O gesto definitivo de Colbert contra a censura
Stephen Colbert não é do tipo que fica calado. Menos quando sua própria rede, a CBS, tenta abrir portas para o campo. Esta semana, o apresentador do The Late Show levou sua disputa com os executivos a um novo nível, e foi puro teatro.
Tudo começou quando a administração lhe disse que não poderia transmitir uma entrevista com James Talarico, candidato democrata ao Senado pelo Texas. A desculpa oficial era uma regra arcaica sobre “tempo igual” para candidatos rivais.
“Procuramos e não encontramos um único exemplo dessa regra sendo aplicada a uma entrevista em um talk show, não apenas em toda a minha carreira… mas desde a década de 1960,”
Colbert disse, com aquela mistura de descrença e sarcasmo que o define.
Mas o melhor veio depois. A CBS emitiu um comunicado negando que seus advogados tivessem dado essa ordem. A resposta de Colbert?
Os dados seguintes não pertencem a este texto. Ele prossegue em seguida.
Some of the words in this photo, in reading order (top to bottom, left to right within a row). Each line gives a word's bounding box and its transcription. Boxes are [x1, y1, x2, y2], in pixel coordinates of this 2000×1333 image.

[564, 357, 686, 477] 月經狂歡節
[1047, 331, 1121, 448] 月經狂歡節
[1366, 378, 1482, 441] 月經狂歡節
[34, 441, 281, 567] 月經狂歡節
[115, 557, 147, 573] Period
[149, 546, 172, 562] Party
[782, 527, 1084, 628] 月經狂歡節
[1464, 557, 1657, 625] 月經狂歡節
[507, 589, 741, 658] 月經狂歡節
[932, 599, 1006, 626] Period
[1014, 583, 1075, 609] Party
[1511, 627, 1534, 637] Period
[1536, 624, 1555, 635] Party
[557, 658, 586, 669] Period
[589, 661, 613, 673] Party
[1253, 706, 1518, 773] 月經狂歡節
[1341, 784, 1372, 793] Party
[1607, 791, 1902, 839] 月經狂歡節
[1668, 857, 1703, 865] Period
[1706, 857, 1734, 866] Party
Ele pegou o papel, embrulhou em um saco de cocô de cachorro e jogou no lixo ali mesmo.
É o tipo de momento que resume a nossa era: quando declarações corporativas vazias merecem esse tratamento literal. Colbert mostrou a entrevista no YouTube, claro. Porque se a TV tradicional se tornar rígida, a Internet sempre terá uma porta dos fundos.
O absurdo é que estamos em 2026 discutindo regras dos anos 60. Enquanto isso, o apresentador tem que recorrer ao simbolismo mais básico – e eficaz – para dizer: “isso é um absurdo”.
A luta continua. E Colbert acabou de provar que às vezes o melhor argumento cabe num saco de cocô.